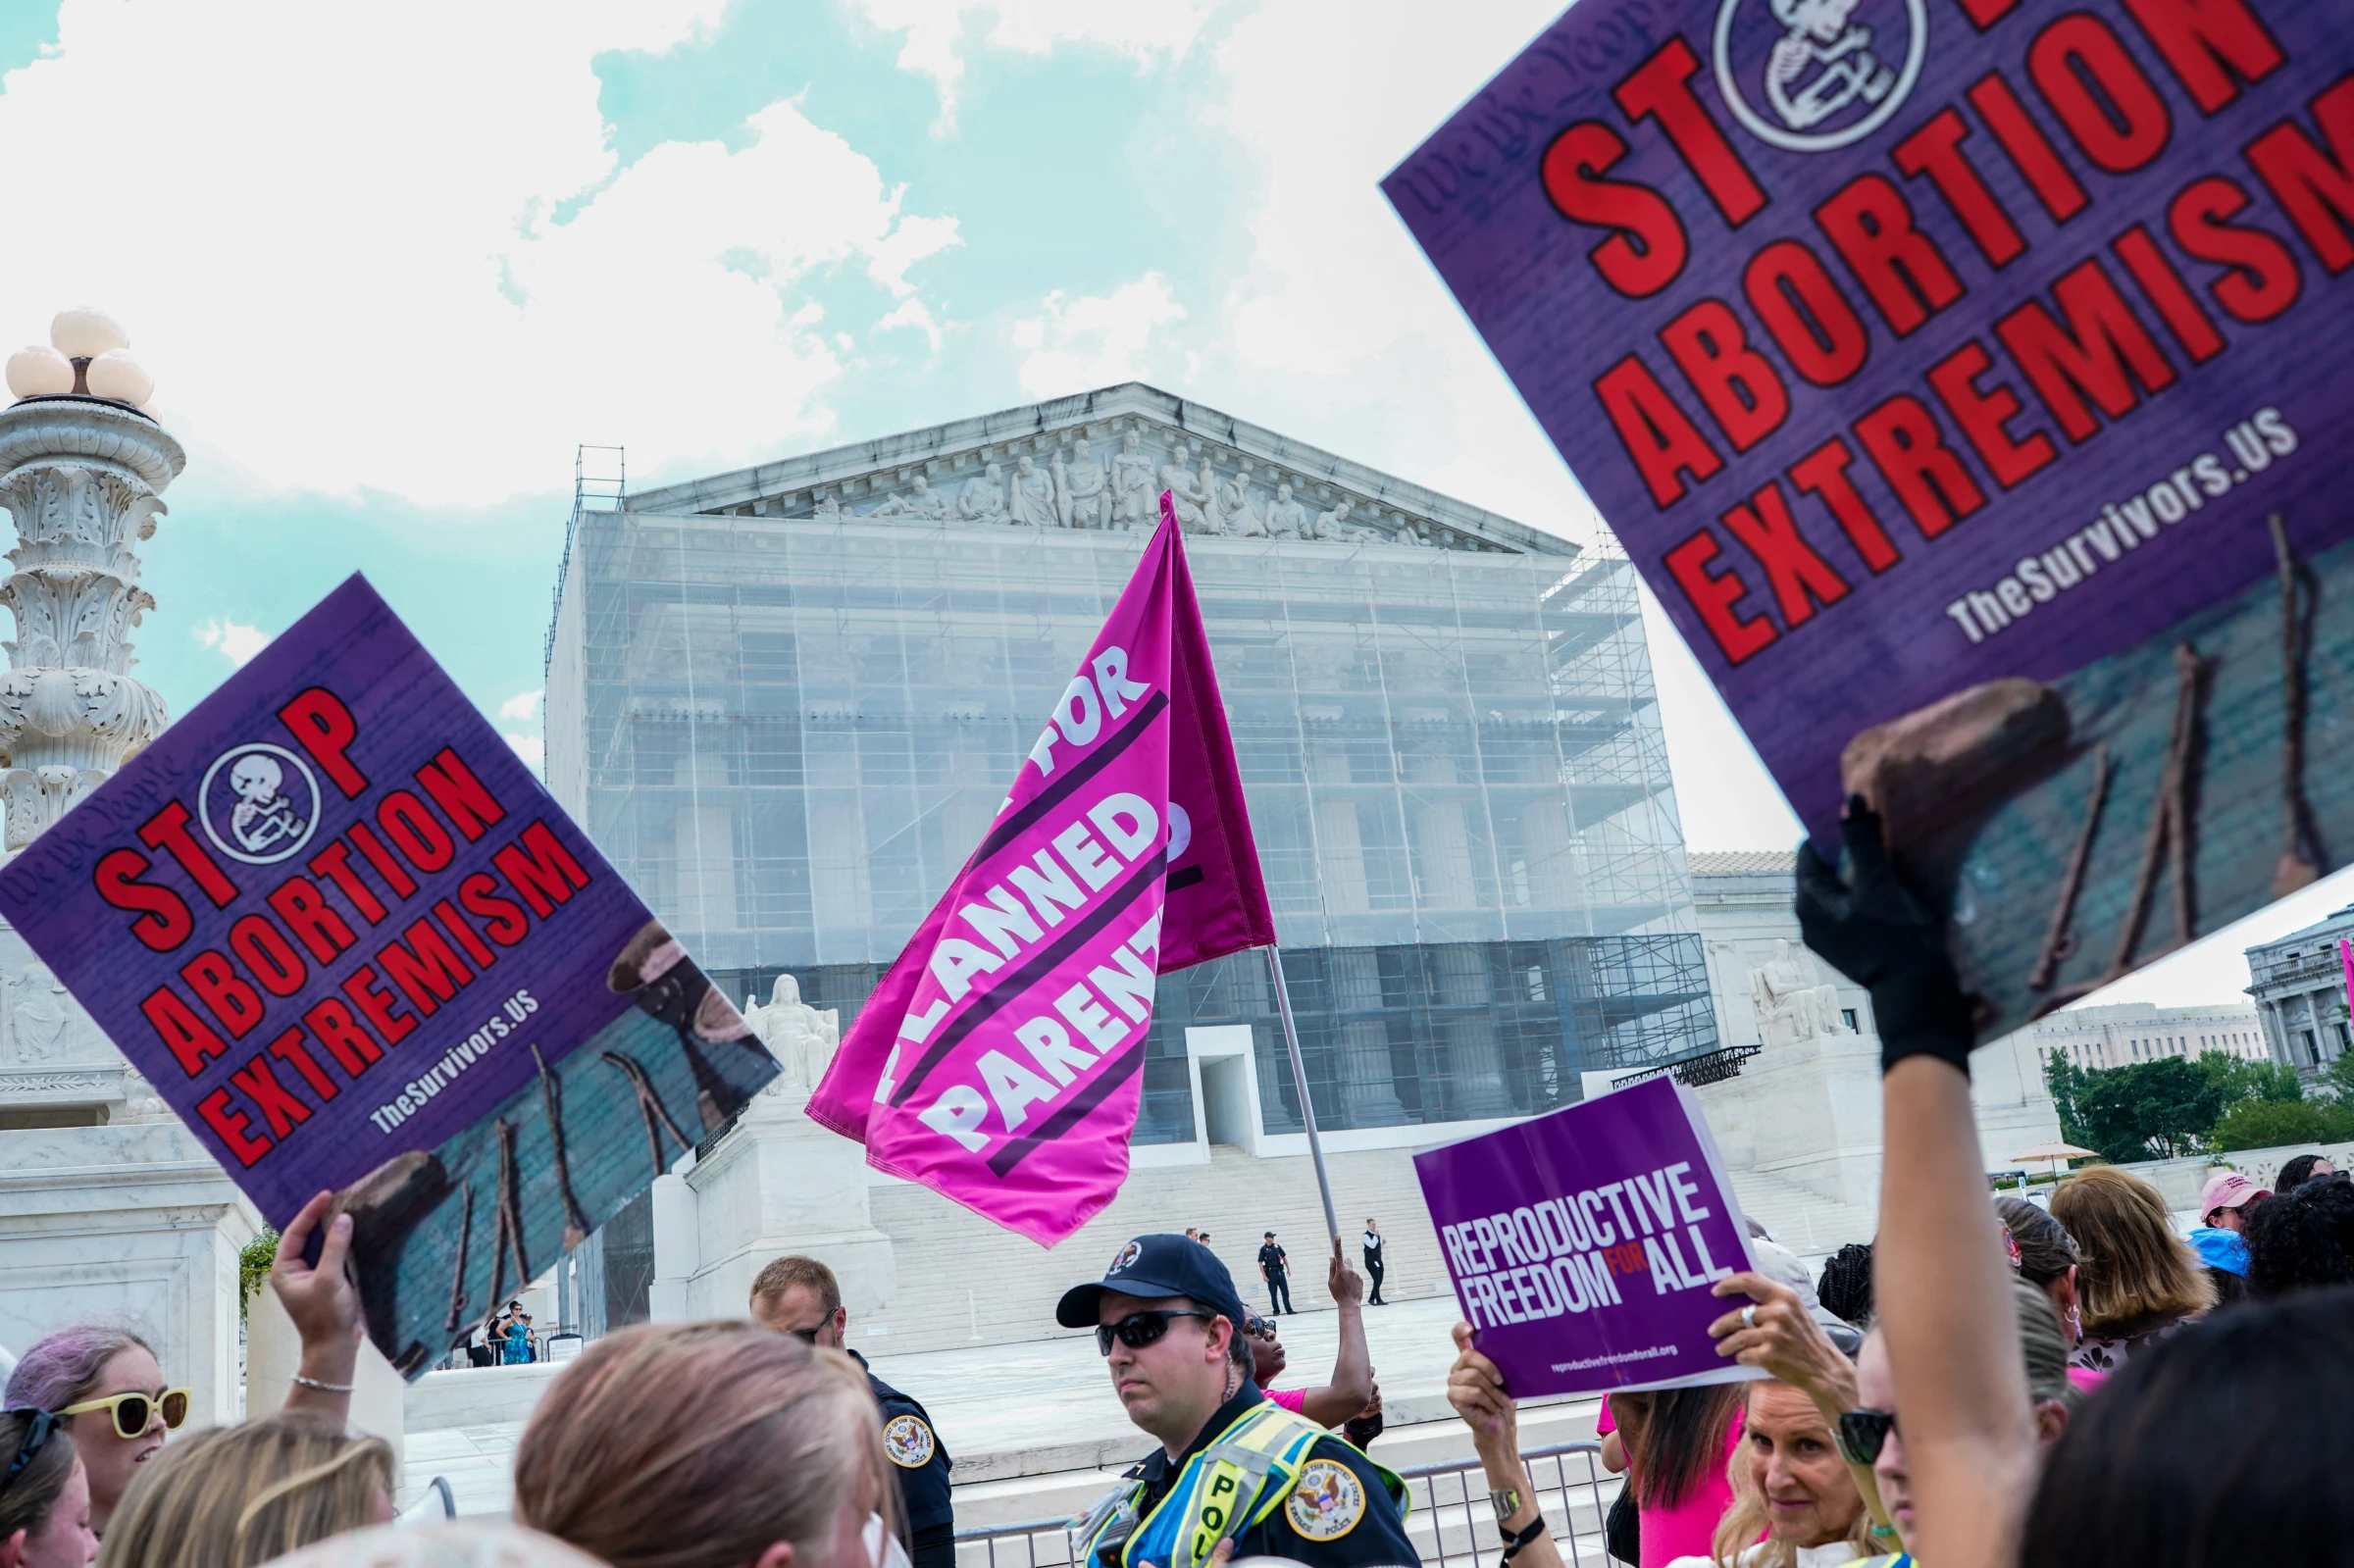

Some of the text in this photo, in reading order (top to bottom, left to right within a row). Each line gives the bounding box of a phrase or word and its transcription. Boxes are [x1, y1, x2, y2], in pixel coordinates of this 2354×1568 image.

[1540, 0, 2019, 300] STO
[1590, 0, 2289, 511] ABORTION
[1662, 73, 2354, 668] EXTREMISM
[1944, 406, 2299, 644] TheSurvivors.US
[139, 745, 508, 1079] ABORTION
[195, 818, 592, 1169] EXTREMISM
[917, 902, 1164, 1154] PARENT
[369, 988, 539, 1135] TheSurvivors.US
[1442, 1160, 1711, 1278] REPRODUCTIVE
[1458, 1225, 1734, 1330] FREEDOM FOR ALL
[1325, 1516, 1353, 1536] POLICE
--
*WORK TO BE COMPLETED*
Return the full listing exactly as it appears above, without its pictures.

*TASK RESPONSE*
Some of the text in this photo, in reading order (top to bottom, left to right within a row). Each line gives the bounding box of a phrase or word and its transcription. Boxes are [x1, y1, x2, y2], in pixel coordinates of this 2354×1568 image.

[1540, 0, 2019, 300] STO
[1590, 0, 2289, 511] ABORTION
[1662, 73, 2354, 668] EXTREMISM
[1944, 406, 2299, 644] TheSurvivors.US
[139, 745, 508, 1079] ABORTION
[195, 818, 592, 1169] EXTREMISM
[917, 902, 1164, 1154] PARENT
[369, 988, 539, 1135] TheSurvivors.US
[1442, 1160, 1711, 1278] REPRODUCTIVE
[1458, 1225, 1734, 1330] FREEDOM FOR ALL
[1325, 1516, 1353, 1536] POLICE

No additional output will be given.